Data stored in MongoDB has a very flexible schema. When we do the physical data modeling for MongoDB, instead of defining the structure of schemas, we write validators to enforce the rules on the fields that we have in our data model. In this way, we can make sure that each document in the collection will have those required fields we specified in the validator and they will be in the data type we require. And, as a naming convention of MongoDB, all of the collection's names will be plural, for example, User entities will be stored in collection users.

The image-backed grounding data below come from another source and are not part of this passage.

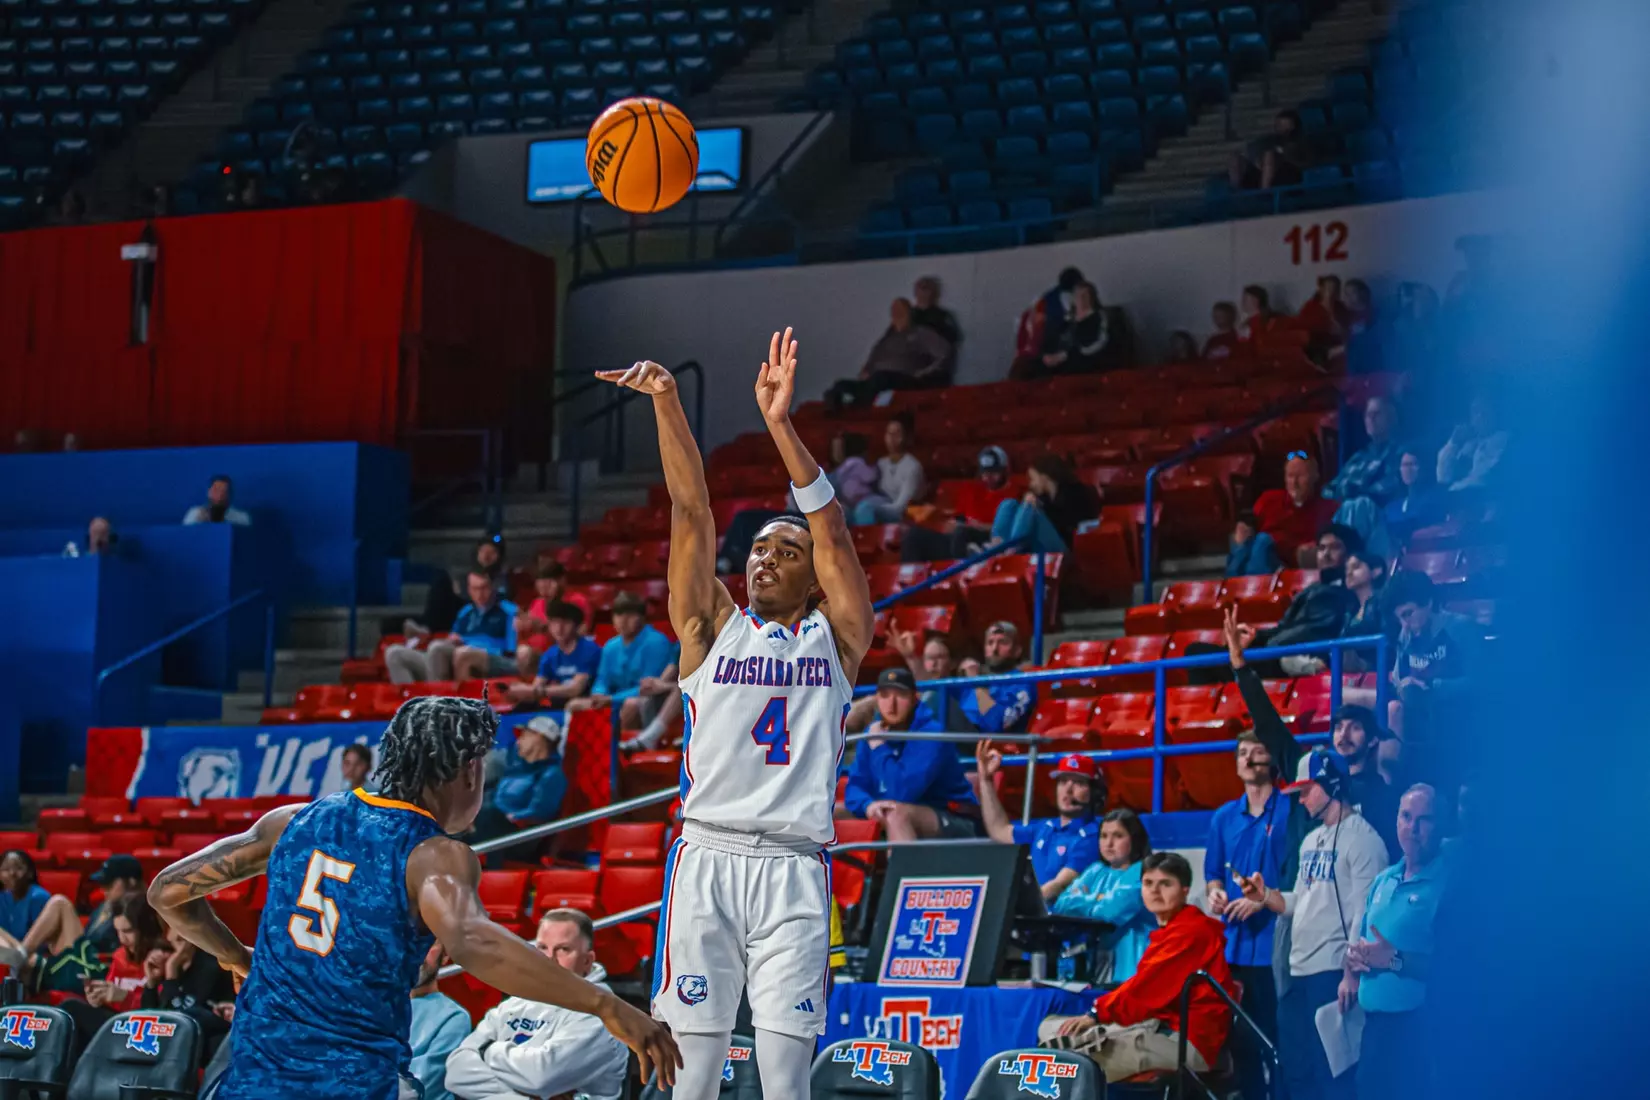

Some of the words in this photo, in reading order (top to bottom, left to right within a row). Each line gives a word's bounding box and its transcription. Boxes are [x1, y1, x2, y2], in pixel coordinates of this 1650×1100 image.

[1283, 221, 1349, 265] 112
[713, 655, 793, 687] LOUISIANA
[797, 657, 832, 687] TECH
[751, 696, 790, 765] 4
[288, 849, 356, 957] 5
[905, 888, 973, 910] BULLDOG
[890, 957, 961, 979] COUNTRY

Let's look at an example; the following is a MongoDB script (for MongoDB Version 3.6 and later) that is used to create the teams collection. As you can see, most of this script is defining validation rules:

db.createCollection( "teams",{
"storageEngine": {"wiredTiger": {}},
"capped": false,
"validator": {
"$jsonSchema": {
"bsonType": "object",
"additionalProperties": false,
"properties": {
"_id": {"bsonType": "objectId"},
"name": {"bsonType": "string"},
"user_id": {"bsonType": "objectId"},
"archived": {"bsonType": "bool"},
"created_date": {"bsonType": "timestamp"}
},
"required": [
"_id",
"name",
"user_id",
"archived",
"created_date"
]
}
},
"validationLevel": "strict",
"validationAction": "error"
});

Due to the scope of this book, we will not go through this script. You can find all of the MongoDB scripts for creating all of the entities defined in the logical data model in the source code of this chapter.